Thoughts on the economic unreality of the political class:
There is for instance the wonderful idea that we can’t get out of this hole by cutting expenditures. REALLY? REALLY? So, let me see, if my family is spending 2000 a month, while making 1500, cutting expenditures is not the way to go. We shouldn’t examine our food budget, cut back on entertainment or perhaps move to a smaller place. No way no how, because cutting is not how you get out of a financial hole. No, golly-me. We’re supposed to get a student loan and take a course in something the government assures us will pay off. AND we’re supposed to go out to eat more.
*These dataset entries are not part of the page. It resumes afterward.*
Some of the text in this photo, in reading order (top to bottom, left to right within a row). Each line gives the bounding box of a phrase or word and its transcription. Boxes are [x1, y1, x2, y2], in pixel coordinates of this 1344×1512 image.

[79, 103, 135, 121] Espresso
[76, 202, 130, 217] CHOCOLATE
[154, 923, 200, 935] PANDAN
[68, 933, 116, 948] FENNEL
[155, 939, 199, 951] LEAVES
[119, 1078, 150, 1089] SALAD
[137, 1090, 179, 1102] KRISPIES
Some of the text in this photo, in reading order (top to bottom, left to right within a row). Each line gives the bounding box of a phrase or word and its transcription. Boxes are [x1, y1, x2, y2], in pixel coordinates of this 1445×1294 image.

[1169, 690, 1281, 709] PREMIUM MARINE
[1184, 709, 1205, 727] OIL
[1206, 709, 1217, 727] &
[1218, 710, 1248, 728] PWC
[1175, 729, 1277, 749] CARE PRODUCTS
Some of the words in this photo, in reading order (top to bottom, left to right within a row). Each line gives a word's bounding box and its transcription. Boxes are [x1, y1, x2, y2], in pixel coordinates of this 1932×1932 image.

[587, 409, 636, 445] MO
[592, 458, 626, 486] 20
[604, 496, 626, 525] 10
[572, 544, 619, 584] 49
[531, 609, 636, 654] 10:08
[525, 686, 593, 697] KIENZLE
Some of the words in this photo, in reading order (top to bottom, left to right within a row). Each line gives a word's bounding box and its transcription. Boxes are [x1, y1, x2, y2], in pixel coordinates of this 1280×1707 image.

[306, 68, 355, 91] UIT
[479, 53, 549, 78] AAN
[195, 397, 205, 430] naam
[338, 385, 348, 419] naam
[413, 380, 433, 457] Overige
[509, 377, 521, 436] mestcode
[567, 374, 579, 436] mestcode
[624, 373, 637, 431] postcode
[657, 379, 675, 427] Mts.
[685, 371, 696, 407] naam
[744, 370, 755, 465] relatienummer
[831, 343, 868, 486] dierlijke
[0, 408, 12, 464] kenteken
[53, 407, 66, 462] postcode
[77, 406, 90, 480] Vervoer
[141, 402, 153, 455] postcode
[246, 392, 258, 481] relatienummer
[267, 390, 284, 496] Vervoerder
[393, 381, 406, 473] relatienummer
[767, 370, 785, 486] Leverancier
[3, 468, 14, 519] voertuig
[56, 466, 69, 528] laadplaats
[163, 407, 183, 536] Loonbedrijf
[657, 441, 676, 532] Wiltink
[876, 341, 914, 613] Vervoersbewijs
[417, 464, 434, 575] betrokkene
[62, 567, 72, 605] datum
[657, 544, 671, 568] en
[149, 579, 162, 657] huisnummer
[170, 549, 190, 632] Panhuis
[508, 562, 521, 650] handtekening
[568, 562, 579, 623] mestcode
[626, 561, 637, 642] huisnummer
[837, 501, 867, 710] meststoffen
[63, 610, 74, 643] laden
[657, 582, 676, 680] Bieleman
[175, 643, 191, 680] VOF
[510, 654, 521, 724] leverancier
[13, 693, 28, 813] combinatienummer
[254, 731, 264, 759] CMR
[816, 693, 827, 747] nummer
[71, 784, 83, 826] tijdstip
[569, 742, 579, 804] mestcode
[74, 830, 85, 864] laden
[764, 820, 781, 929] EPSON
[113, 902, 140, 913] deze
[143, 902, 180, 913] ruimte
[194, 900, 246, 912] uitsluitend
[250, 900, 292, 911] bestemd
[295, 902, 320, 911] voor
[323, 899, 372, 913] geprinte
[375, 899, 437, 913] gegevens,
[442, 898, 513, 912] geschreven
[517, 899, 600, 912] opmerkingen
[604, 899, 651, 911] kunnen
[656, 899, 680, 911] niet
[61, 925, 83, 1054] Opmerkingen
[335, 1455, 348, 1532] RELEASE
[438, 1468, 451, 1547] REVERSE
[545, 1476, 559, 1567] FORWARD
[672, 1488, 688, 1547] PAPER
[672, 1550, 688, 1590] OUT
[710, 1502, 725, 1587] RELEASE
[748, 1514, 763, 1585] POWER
And move to a bigger place. And buy a newer car. And then we’ll be…
What? I don’t know. And neither do these people, because they’ve never balanced a checkbook.
The Aristos don’t have to balance anything. There’s always someone willing to finance them while using them as stalking horses. After all they talk so purty, and they say all the right things – the things that will allow those using them to get a greater grasp on power over the lives of everyone else.
Or take the minimum wage nonsense. What kind of insane idiot, with the crisis of unemployment we have would want to RAISE minimum wage? I mean, both the man reading these words off the teleprompter and the idiots who wrote them for him to read have presumably enough intelligence to stand upright and speak at the same time. So it shouldn’t be possible for them to NOT understand that a wage is something paid in exchange for a service. It is therefore tied to the value of that service. The idea of legislating it at ALL is insane, and leads to people who can’t afford to pay it hiring illegals or simply not growing their business past the one man stage – because, children, economics is a science. You can’t simply legislate wages, any more than you can legislate rain. BUT on top of that the idea of in a recession wanting to tie the minimum wage to the cost of living is so astonishingly stupid that– That I run out of words.
Fortunately, it’s just a figure of speech. She has a lot more words.
Obama called for the federal government to “redesign high schools.” Does he not know that schools are creatures of local and state, not the federal, governments? Does he care? Does he see no limits at all on the things that should occupy a president’s time?
And again, on what basis does the president who cannot even submit a budget make the claim that he is qualified to redesign high schools?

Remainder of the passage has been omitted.